There are two column here – document name and campaign name. The above table provides a sample of the mapping. Now I have many documents unmapped to a campaign. I have a list of unmapped documents on one side and a possible list of campaigns on the other side.
We can do the matching manually (fuzzy) by using the clues – similarity in name. The typical things I look out for are the year with quarter information, the region (APAC, AMER, EMEA), some of the company narratives, type of campaign (EVT for example is event).
How can I do this fuzzy matching using KNIME in a scalable way and a method that can tell me an accuracy score? I have used the manipulation nodes in KNIME but haven’t had a chance to play with the text processing or fuzzy match nodes yet
Not sure if this is a problem more like the supervised learning (I can have a training set for this problem with about 5000 entries) or a fuzzy match approach?
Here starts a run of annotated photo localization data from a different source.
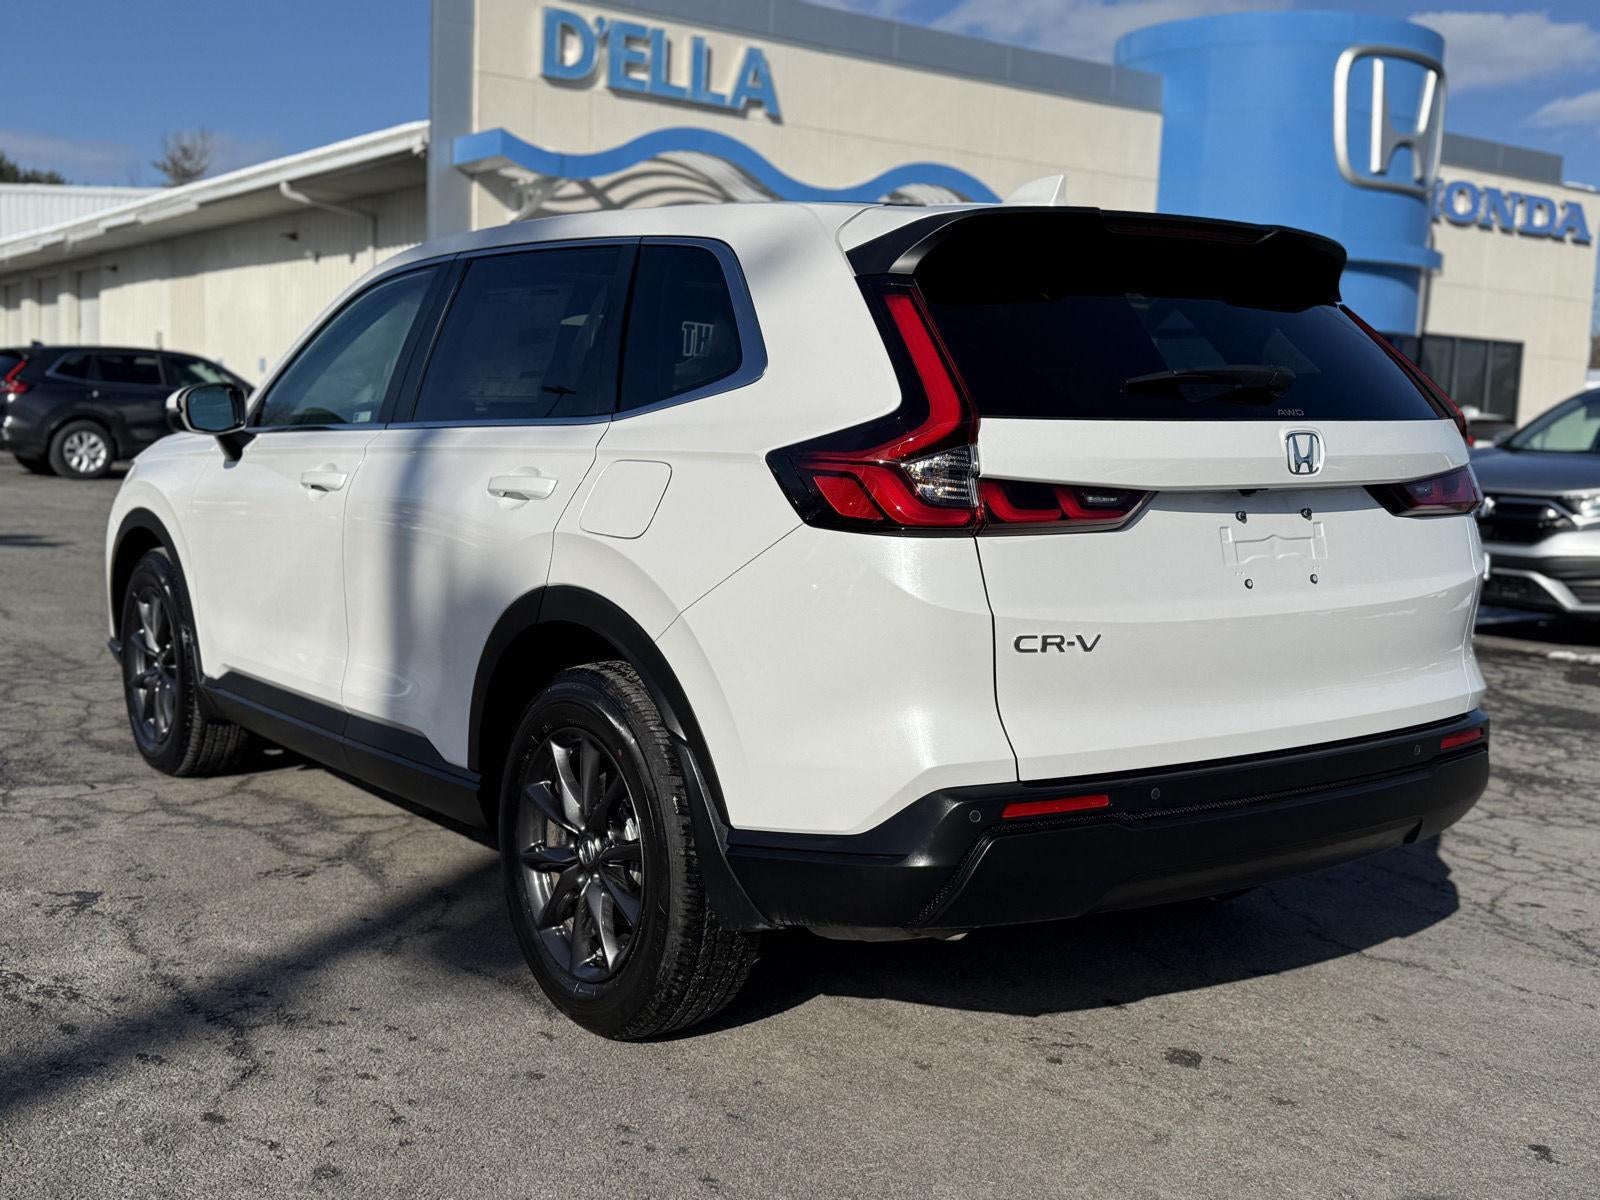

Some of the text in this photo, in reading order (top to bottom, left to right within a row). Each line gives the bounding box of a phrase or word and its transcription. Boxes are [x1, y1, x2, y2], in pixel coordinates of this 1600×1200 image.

[541, 6, 783, 123] D'ELLA
[1277, 408, 1304, 416] AWD
[1014, 634, 1101, 653] CR-V
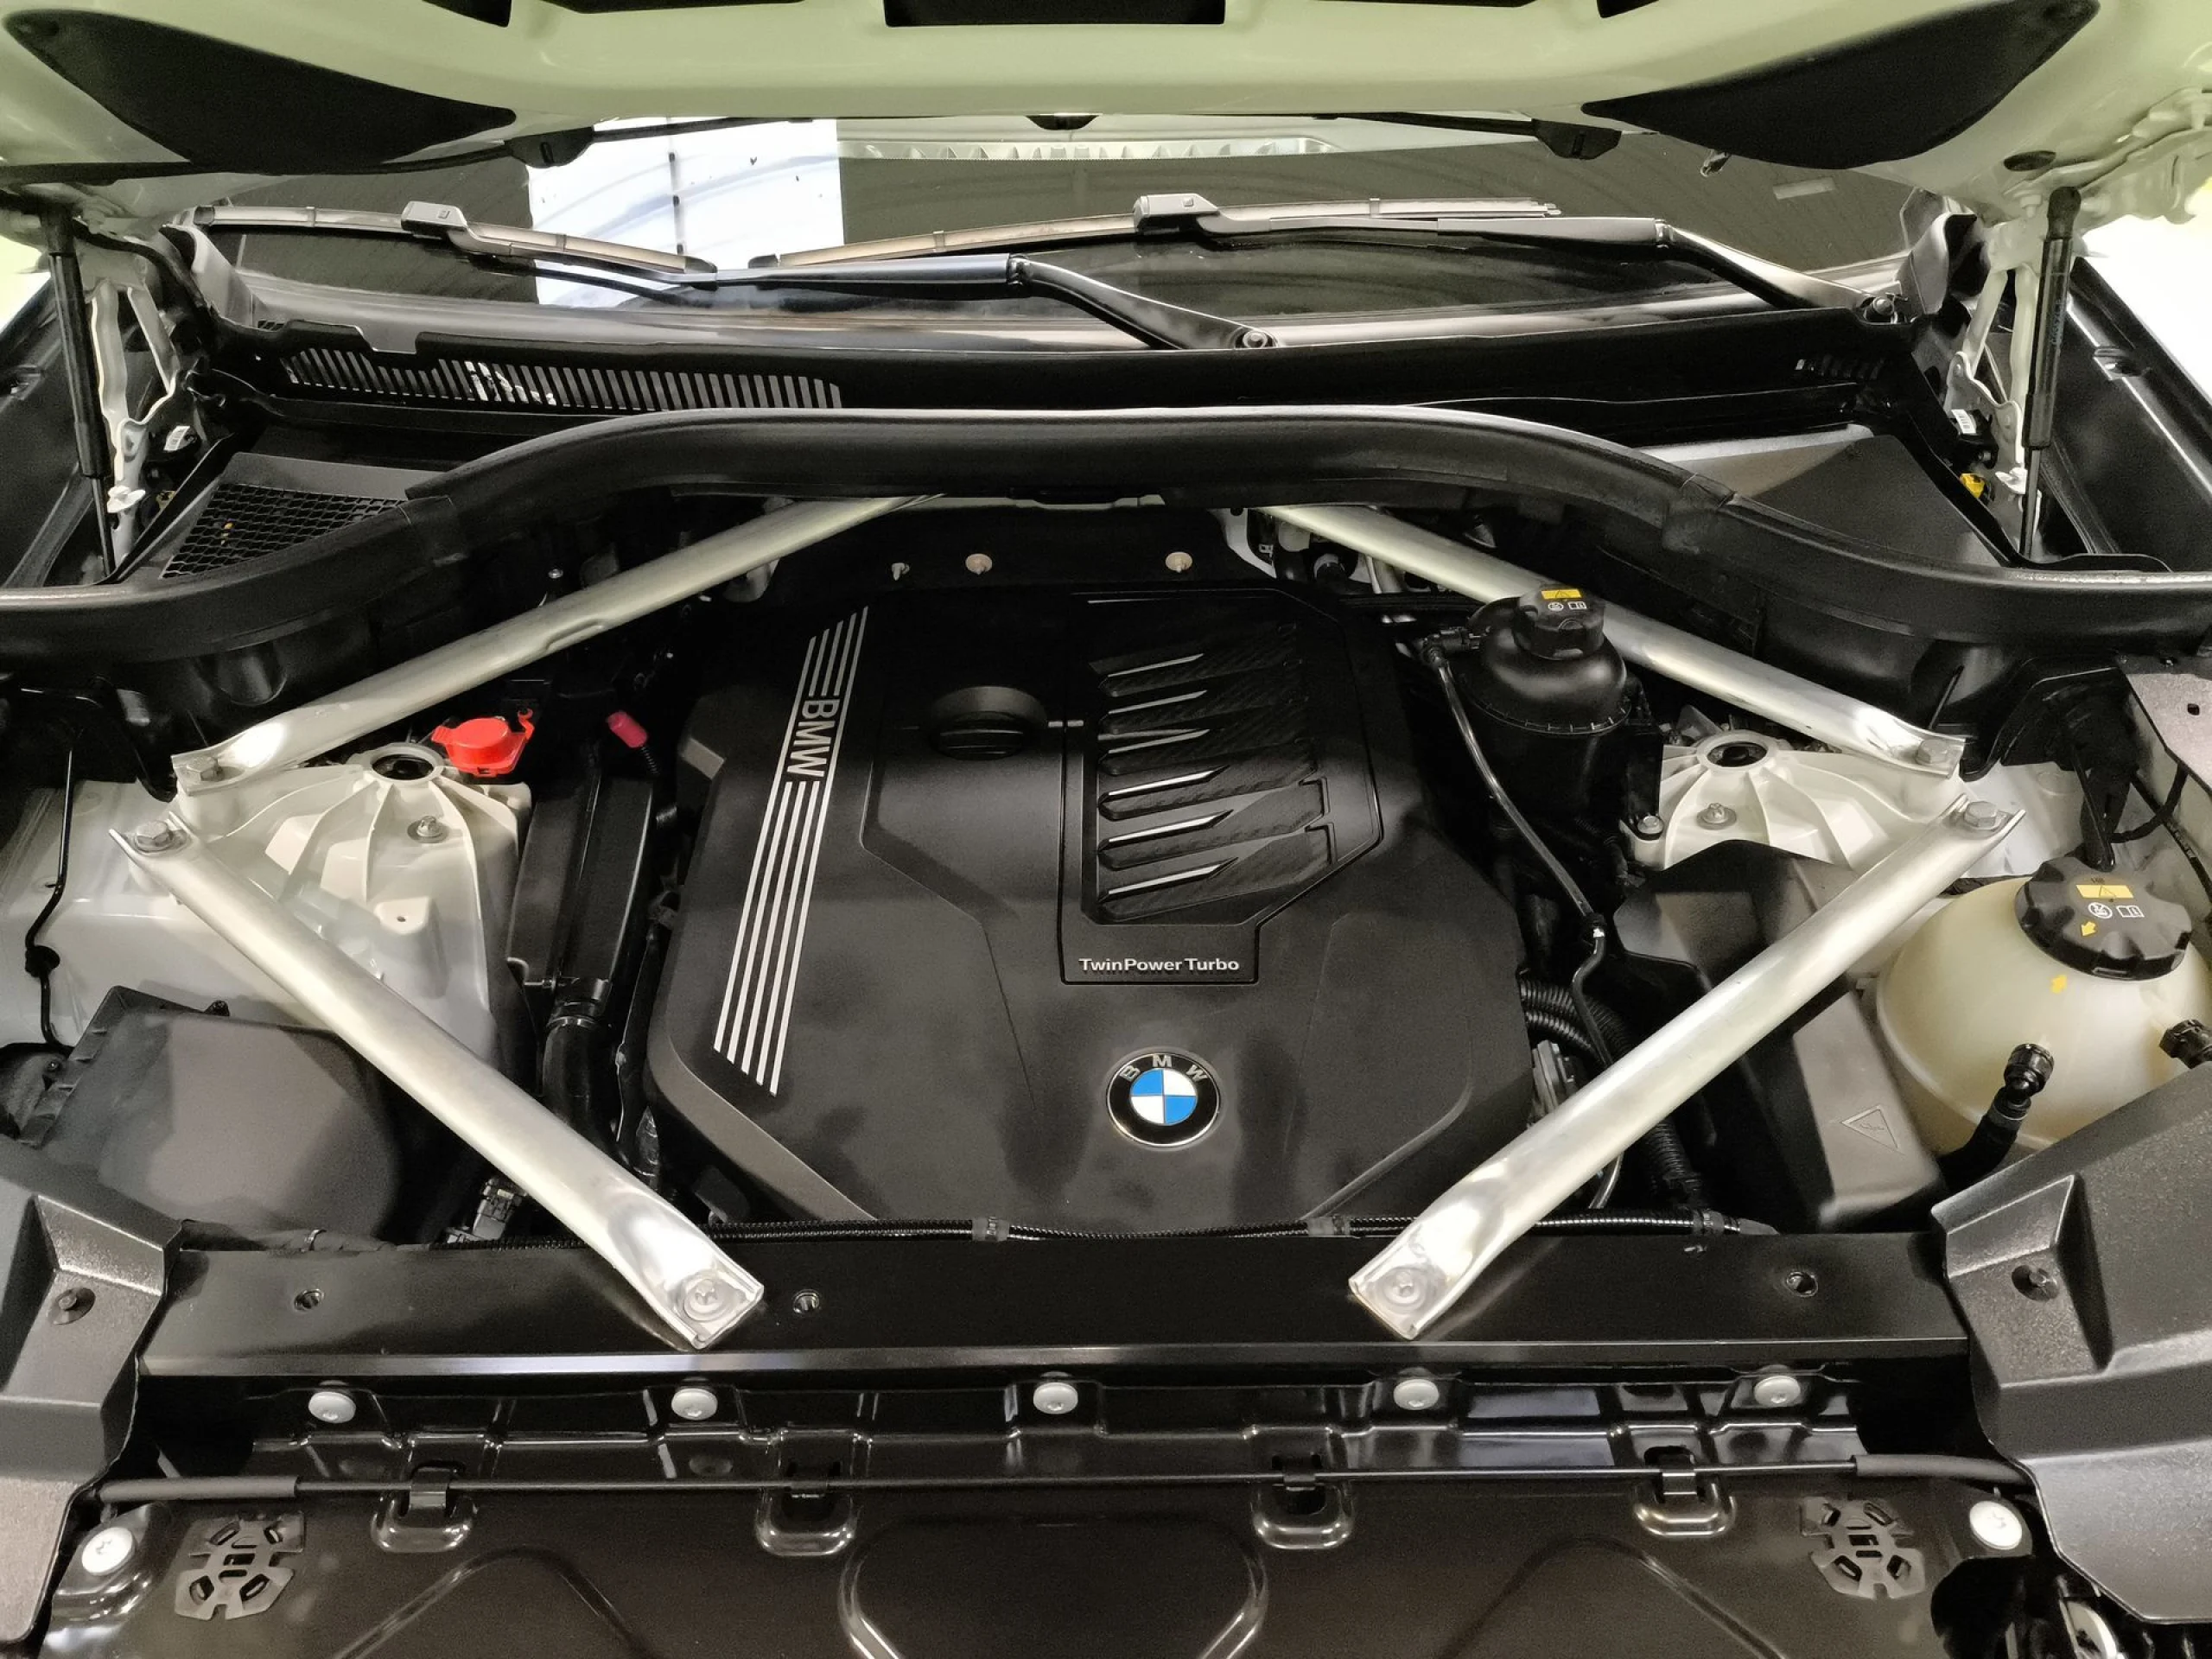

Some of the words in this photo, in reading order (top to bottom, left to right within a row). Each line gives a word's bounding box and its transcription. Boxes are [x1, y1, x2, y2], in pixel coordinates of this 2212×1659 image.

[786, 698, 841, 778] BMW
[1078, 957, 1183, 971] TwinPower
[1185, 957, 1240, 971] Turbo
[1120, 1054, 1208, 1082] BMW
Any guidance will be appreciated.
I have a KNIME version 3.3.2 (not the most updated). So, i may need nodes compatible with this version. I can’t upgrade because we use KNIME server with this version.
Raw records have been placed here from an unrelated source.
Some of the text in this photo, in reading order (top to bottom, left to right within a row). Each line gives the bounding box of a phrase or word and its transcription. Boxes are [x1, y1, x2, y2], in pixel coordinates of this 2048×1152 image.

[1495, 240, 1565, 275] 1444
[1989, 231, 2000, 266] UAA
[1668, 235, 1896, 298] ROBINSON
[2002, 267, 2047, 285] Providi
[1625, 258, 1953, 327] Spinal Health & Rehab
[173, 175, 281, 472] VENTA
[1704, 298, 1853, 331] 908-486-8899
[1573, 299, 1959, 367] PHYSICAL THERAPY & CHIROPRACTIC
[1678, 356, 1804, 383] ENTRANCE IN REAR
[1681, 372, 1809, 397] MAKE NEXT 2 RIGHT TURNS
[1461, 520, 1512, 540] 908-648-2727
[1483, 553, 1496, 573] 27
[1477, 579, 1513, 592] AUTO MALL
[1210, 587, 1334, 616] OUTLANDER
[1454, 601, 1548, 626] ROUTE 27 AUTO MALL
You can use the String Matcher or Similarity Search nodes to compute the distance between each document to each campaign. Both nodes will output the category value with the minimum distance.
Please find attached a sample workflow for your data. You might also want to check the knime://EXAMPLES/08_Other_Analytics_Types/01_Text_Processing/09_Fuzzy_String_Matching workflow on the EXAMPLES server.
Thank you for the response. I tried our the workflow and the string matcher node. On a quick look, it seemed to identify the correct matches.
How do I indeed verify whether the matches are correct? How to chose a threshhold value?
I had a correctly matched dataset documents to campaign names and looked at the distances between them. They gave me a range of 0 to 50. The 80th percentile score was at a levenshtein distance of 20 and below.
Is there a better way to do the checks using other KNIME nodes?
I know it is an old thread but I am stuck with the same problem: I need to tell within each row, how close is the match between two columns.
I looked at the attached example and outside of the original table with two columns to compare, I am lost. Why do we need to create random rows, why do we need to look for matches in the whole table? I am not sure I understand. All I want is to tell if the value A is 100% or x% close to value B on the same row.
I am sorry, I am really not understanding how this works. I understand what nodes you are pointing me to, I am not understanding how to make them work and make sense. If I have one table with two columns and I need to answer if on Row 1 Column 1 is 25% close to Column 2. What do I need to do?